This means that she will not quit. To quit smoking you have to really want to - believe me - and she doesn't. You can't make someone want something, it has to come from them. Maybe at some point in the future she will want to, but right now no amount of pointing out how bad it is for her (she knows) will have any effect.

So your girlfiend is a smoker. Your choices are to accept that, which means putting yourself at risk - your comfort at best and your health at worst - or to break up with her. If you're going to accept it you have a right to put boundaries in place to protect yourself, such as have been mentioned above, like picking her up, not staying at her Mum's, going to smoke-free places etc. If you can't accept it then you need to let her know that while you love her, this is an issue that you are both incompatible on and while it's no judgement on her as a person she is not the right person for you right now.
posted by billiebee at 3:49 PM on February 3 [4 favorites]


I have the same issue, so I know exactly where you're coming from. For years I suffered through visits to my parents' house even though almost everyone there was a smoker and had been for DECADES. The entire house reeked, everything felt dirty, the air felt like cancer-air. I would basically spend the entire visit recoiling viscerally from everything around me. Unfortunately, I have a great Dad and can't break up with him.

Now I'm older and more financially stable, and I deal with this by only visiting home once a year and staying in a hotel when I have to be there overnight. I buy cheap clothes at Target before I go and I throw them away before I leave, showering and washing my hair and putting on NEW cheap Target clothes before I get on the plane to go home. If you're trying to minimize your own exposure and contact-grossness, I would suggest doing something similar when you know you'll be at her house. Never wear any clothes there that you would wear anywhere else, and keep those clothes completely segregated from everything else you wear at all times. The smell is insidious, so you're looking at what amounts to quarantine procedures for STUFF.
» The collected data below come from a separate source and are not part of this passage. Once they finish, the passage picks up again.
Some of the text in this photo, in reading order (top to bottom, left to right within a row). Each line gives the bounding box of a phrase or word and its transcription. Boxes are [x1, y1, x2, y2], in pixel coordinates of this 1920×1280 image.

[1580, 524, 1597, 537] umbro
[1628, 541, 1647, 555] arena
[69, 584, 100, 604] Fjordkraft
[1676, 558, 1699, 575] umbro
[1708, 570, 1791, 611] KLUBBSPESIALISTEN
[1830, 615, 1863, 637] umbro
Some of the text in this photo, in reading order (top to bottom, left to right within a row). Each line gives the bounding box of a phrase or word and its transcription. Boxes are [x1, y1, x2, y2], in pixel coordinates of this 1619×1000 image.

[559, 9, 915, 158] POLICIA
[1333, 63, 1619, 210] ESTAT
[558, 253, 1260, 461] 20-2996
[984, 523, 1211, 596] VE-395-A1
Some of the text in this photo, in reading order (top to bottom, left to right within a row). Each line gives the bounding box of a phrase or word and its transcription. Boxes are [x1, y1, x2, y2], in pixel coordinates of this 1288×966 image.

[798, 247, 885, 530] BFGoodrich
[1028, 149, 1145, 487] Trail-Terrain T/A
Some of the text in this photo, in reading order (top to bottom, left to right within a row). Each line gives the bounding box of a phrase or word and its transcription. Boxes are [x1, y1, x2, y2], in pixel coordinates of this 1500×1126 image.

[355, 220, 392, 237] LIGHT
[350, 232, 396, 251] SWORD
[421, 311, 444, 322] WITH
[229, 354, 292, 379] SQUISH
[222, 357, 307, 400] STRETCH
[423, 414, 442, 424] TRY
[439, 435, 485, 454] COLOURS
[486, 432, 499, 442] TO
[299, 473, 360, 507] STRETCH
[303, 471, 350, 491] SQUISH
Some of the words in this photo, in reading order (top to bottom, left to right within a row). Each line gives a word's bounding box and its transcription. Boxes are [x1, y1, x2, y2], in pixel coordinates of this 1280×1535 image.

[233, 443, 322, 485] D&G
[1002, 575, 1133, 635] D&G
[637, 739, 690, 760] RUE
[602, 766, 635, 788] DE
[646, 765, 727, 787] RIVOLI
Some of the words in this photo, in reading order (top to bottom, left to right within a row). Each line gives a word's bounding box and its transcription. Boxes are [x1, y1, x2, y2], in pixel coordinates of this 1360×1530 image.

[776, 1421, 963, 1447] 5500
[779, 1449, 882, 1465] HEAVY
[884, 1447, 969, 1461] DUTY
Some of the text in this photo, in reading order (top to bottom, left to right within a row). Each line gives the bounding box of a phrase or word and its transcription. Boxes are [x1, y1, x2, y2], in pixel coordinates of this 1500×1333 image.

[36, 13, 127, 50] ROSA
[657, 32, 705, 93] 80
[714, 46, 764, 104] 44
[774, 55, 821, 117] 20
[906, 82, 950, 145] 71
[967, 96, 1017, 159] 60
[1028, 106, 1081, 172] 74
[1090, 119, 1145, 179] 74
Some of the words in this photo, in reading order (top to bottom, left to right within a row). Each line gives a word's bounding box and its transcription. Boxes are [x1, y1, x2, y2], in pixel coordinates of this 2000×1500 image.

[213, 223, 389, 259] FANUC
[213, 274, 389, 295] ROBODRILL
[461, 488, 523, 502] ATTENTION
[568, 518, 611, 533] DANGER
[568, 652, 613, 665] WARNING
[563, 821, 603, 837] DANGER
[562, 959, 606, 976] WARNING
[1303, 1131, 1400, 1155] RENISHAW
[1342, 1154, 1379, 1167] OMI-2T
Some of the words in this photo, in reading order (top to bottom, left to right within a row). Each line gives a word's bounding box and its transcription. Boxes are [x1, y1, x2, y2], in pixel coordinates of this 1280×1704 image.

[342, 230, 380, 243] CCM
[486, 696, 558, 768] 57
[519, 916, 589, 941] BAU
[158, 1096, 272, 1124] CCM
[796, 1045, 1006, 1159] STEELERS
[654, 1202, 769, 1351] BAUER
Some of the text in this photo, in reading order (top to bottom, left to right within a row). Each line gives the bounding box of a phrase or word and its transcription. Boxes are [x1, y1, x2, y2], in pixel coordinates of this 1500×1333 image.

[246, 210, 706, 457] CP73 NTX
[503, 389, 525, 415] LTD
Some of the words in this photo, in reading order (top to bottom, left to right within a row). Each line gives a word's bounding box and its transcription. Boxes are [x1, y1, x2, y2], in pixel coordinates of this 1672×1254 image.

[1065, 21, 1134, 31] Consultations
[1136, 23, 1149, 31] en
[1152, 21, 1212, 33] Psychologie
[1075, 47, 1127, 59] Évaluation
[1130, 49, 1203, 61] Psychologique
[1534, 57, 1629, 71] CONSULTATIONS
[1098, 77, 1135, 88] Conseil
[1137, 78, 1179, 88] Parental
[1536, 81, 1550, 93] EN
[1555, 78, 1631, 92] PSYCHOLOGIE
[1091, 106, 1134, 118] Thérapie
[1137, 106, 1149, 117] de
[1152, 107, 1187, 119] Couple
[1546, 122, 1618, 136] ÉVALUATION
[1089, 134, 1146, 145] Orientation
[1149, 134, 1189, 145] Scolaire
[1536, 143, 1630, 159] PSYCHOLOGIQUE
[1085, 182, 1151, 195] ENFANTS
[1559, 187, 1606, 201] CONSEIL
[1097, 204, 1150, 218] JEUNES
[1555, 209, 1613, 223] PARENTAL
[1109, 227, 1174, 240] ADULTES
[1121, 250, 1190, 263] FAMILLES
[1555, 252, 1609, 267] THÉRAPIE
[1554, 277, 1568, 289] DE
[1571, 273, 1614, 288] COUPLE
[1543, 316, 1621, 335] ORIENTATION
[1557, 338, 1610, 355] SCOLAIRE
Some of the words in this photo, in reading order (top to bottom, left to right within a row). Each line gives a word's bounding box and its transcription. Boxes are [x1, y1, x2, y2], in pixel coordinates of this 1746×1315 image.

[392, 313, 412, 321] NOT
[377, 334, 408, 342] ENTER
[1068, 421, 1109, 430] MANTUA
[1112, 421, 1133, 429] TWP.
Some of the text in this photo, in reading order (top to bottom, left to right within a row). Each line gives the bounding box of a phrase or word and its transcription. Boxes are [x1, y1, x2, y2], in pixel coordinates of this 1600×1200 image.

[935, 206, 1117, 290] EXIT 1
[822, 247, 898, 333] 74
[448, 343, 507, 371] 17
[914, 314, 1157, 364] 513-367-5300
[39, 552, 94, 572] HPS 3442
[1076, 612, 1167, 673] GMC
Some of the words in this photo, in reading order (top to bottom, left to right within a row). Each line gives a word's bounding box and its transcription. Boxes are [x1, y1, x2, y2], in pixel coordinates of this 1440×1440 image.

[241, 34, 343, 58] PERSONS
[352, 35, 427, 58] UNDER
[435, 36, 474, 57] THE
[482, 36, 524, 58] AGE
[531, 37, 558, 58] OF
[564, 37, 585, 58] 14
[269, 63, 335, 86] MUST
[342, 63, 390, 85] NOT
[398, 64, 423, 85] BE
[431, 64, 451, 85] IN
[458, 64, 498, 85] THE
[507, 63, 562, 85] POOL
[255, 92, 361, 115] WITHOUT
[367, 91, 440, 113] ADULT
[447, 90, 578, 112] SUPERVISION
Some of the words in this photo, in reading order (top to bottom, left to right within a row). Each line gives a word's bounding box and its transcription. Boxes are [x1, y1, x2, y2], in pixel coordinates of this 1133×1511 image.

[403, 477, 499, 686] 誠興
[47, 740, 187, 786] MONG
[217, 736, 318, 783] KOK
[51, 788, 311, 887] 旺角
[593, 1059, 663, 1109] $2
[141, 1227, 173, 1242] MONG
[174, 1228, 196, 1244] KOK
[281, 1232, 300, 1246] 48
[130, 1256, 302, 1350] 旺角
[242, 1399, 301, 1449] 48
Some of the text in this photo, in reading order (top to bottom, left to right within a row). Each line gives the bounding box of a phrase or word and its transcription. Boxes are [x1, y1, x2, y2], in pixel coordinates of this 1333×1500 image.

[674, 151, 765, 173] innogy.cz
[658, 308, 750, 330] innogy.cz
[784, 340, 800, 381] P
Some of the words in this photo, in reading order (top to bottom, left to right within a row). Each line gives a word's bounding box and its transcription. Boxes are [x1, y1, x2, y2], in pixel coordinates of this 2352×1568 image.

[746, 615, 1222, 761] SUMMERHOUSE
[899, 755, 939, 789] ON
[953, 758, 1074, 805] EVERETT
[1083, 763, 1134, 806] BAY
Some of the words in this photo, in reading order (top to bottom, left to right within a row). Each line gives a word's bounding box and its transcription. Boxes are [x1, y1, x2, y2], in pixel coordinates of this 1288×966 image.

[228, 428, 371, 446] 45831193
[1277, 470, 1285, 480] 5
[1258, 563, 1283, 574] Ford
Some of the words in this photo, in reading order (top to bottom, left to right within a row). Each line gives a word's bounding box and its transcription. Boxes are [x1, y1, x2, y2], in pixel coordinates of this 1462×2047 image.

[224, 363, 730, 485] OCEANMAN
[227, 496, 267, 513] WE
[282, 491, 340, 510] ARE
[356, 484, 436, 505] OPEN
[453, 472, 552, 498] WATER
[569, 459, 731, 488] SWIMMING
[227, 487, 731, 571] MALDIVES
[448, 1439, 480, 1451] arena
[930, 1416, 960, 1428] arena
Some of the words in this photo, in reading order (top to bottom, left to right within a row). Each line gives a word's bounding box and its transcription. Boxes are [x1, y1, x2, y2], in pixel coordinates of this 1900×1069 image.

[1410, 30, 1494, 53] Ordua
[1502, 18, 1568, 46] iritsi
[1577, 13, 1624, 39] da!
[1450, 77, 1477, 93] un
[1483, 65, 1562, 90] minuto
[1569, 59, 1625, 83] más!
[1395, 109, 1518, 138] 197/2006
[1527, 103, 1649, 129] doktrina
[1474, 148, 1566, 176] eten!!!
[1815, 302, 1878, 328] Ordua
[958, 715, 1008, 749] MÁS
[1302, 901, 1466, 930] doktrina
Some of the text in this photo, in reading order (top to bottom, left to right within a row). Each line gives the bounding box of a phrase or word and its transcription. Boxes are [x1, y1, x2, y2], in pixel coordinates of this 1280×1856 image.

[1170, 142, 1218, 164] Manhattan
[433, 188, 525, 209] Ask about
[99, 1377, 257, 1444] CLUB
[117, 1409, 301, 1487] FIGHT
(Also keep in mind that your clothes and your hair and your YOU are not the only things that will pick up the smell. So will your wallet, your computer, your phone, your phone case, your credit and ID cards, your keys, your shoes, your eyeglasses if you wear them, your jewelry, your watch... whatever. Everything.)

Smoking is a total deal-breaker for me. I would not date someone who smokes, any more than I would date someone who lived in some other form of filth. I can tell you, if you smell it when you shower after a visit, other people smell it on you, too, and probably think you're a smoker. If you're coughing while you're there or after you leave, you're getting second-hand smoke in your lungs; no matter how minuscule the danger of dying might be, it's still endangering your health in other ways, and it will still make you feel like crap. So, if you're looking for permission to break up with this girl because of the smoking, I hereby give it to you, free of charge.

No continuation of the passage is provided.